Cloning File Protection?

Tom Christiansen tchrist at convex.COM
Sun Oct 7 08:10:49 AEST 1990


In article <277 at talarian.UUCP> scott at talarian.UUCP (Scott Weitzenkamp) writes:
>  I am trying to write a shell script (either in sh or csh on SunOS 4.0.3)
>that can clone the file protection from one file to another.  I'd like
>to do something like this:
>
>    chmod `get_protection old_file_name` new_file_name

[Solution in C deleted.]

>   I have a feeling this is probably easy to do in Perl, but I not
> really interested in a Perl solution because I cannot guarantee that
> our customers will have Perl (I suppose I could put Perl on our
> product tape, though).  

You're right -- it *is* easy in perl.  Error checking aside, this should
do the trick:

    perl -e 'chmod(((stat(shift))[2] & 0777), @ARGV)' f0 f1 f2 f3 ...

This copies f0's perms to the rest of the list, although it doesn't
propagate set[ug]id or sticky bits -- use 07777 for that behavior.  
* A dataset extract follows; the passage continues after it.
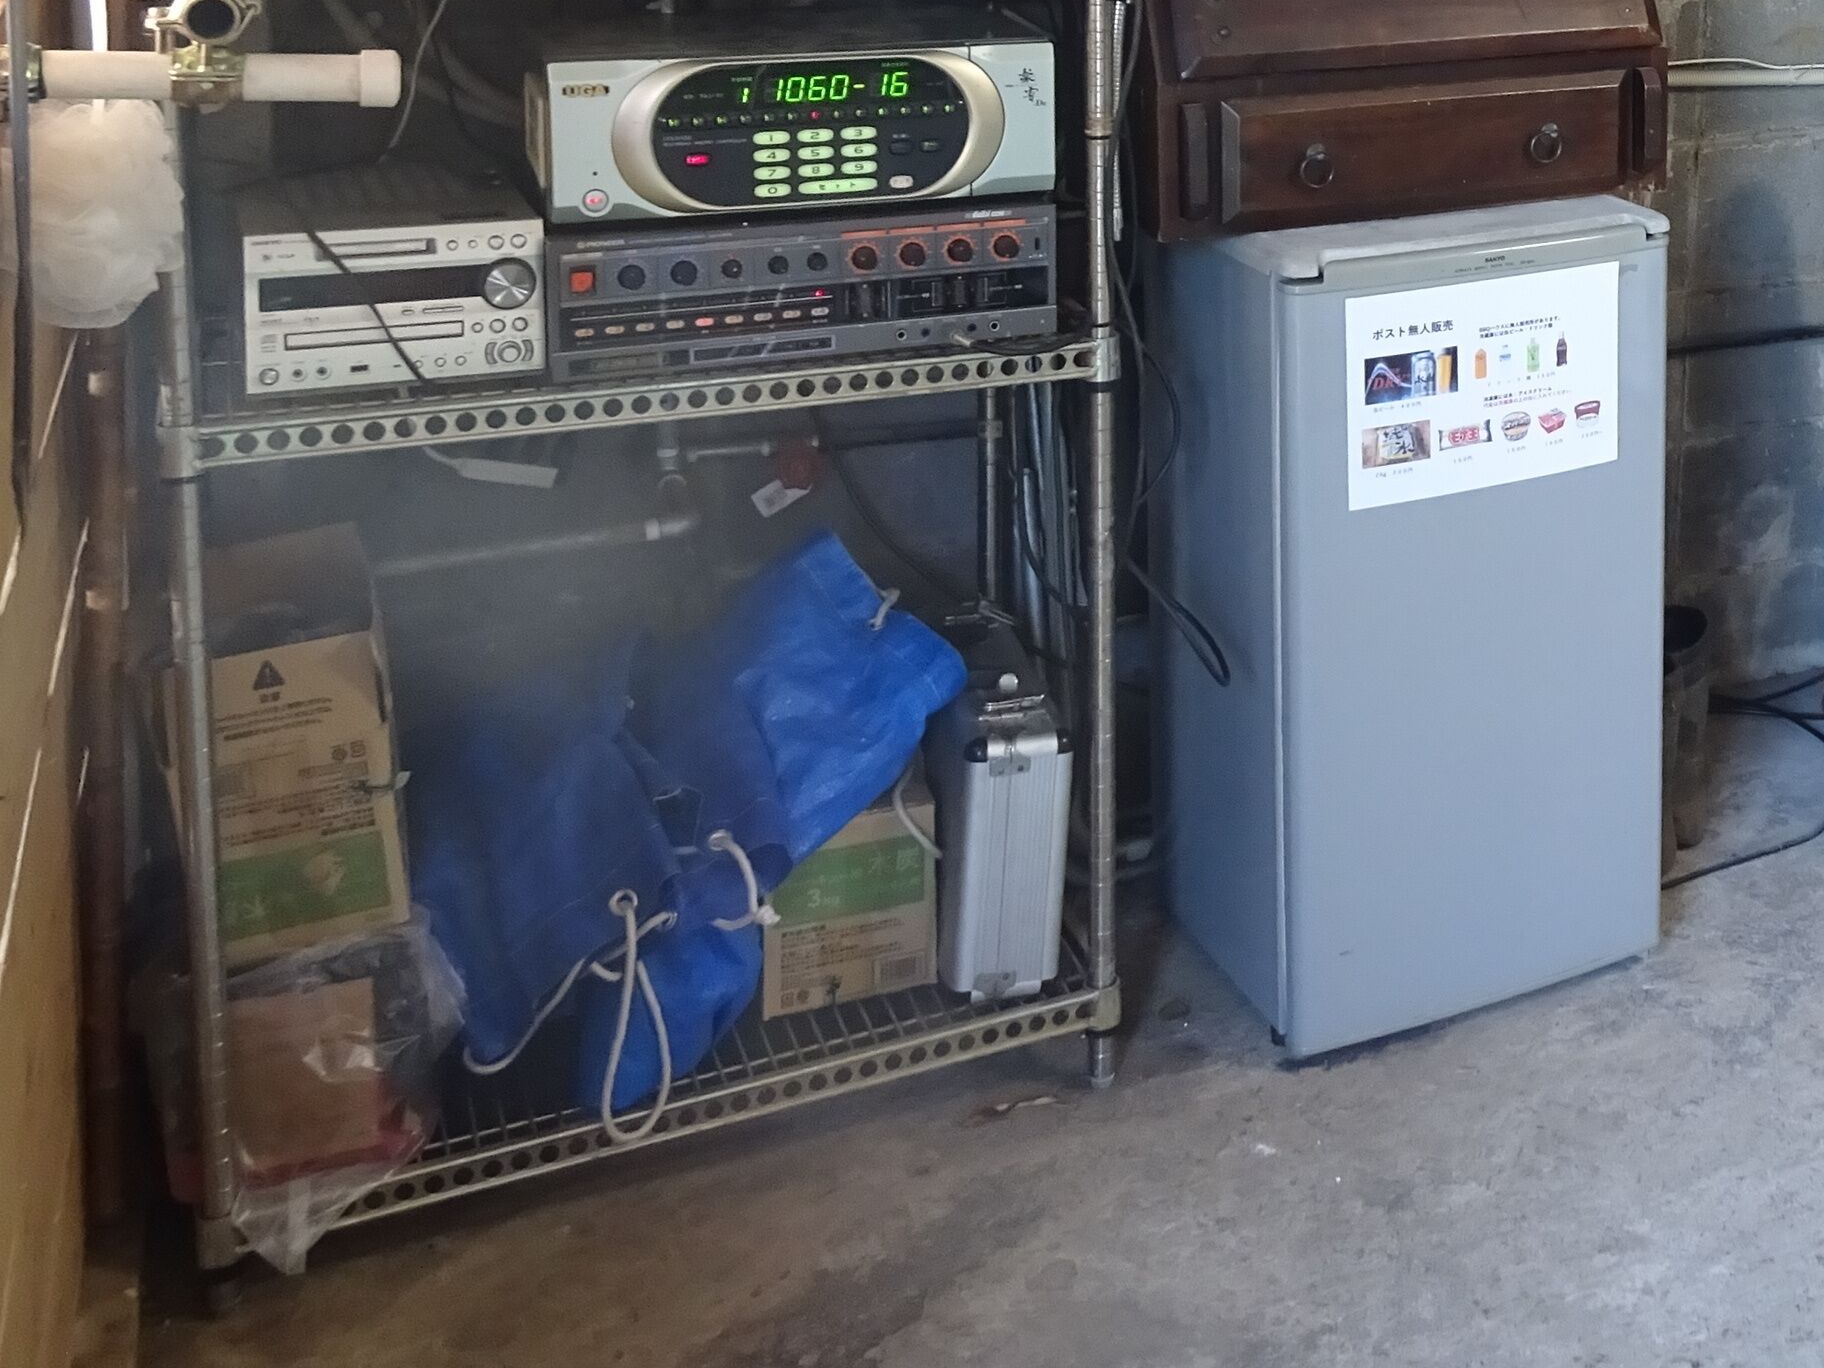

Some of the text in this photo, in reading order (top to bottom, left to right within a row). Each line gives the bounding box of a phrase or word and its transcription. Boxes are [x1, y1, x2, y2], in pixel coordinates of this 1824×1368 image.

[1372, 319, 1454, 341] ポスト無人販売
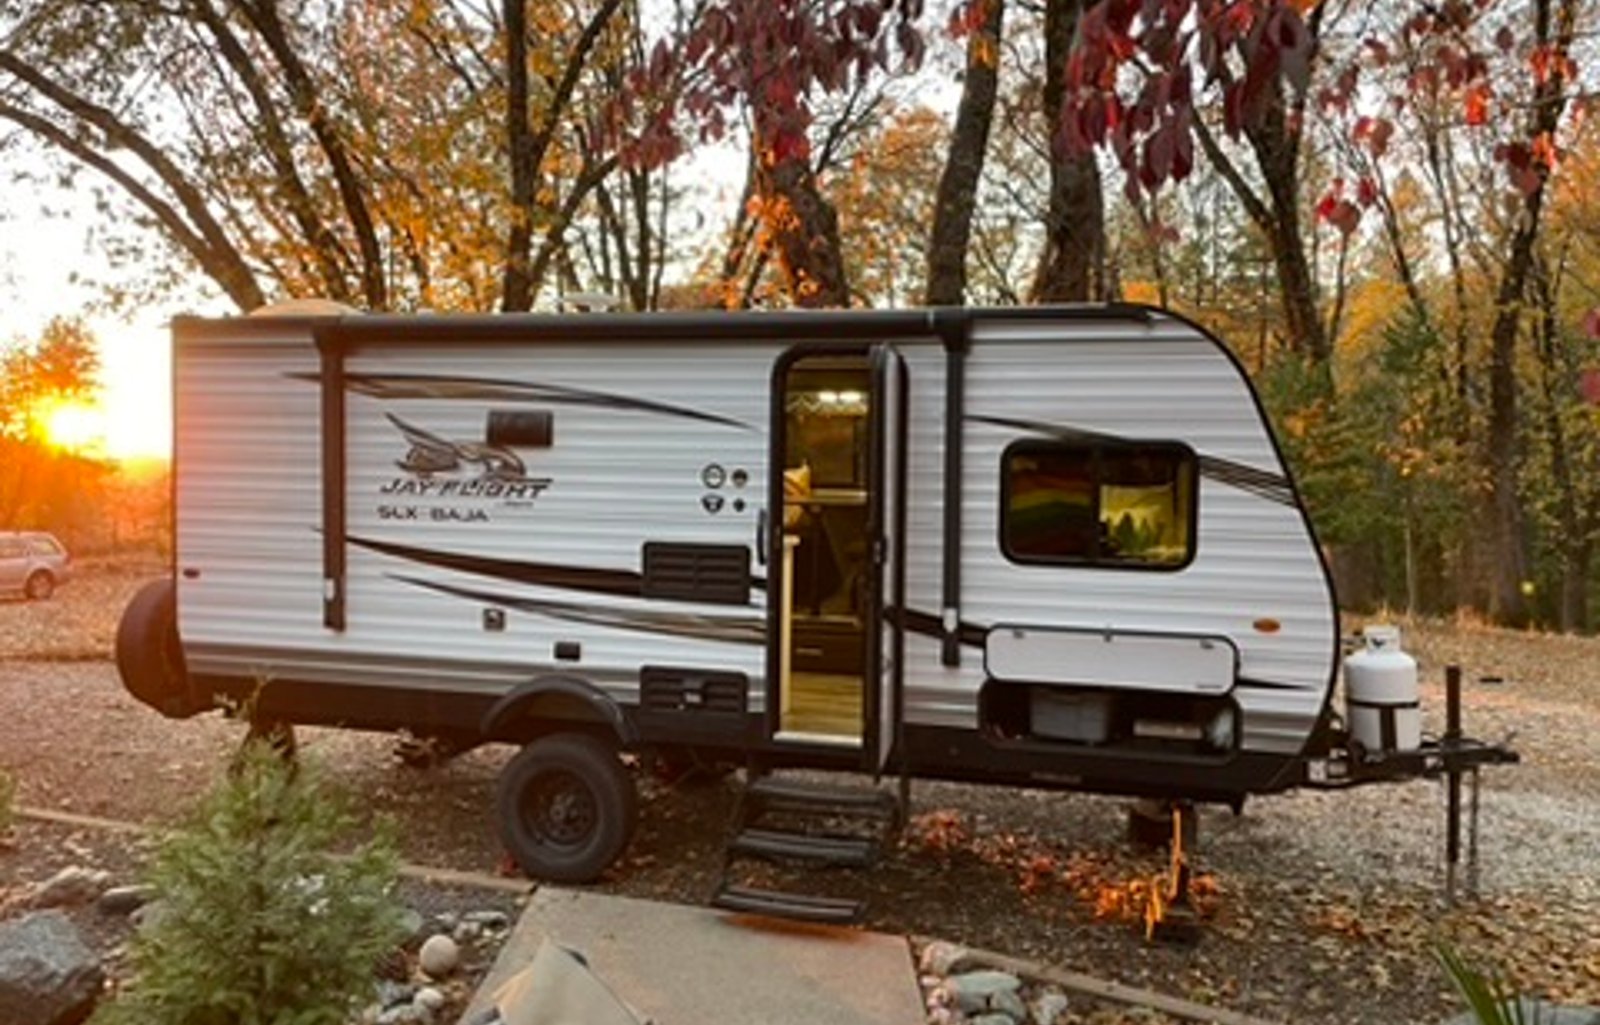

How many times will you need to cook up another solution in C because your
customers don't have perl?  I know that this is just one little thing, but
after running into dozens of such little things, I realized I was making
my own life unnecessarily difficult because of that very line of thinking,
so I got perl added to my company's standard utilities tape.  I suggest
you try to do the same.

Just out of curiosity, what other companies supply perl?

--tom
--
 "UNIX was never designed to keep people from doing stupid things, because 
  that policy would also keep them from doing clever things." [Doug Gwyn]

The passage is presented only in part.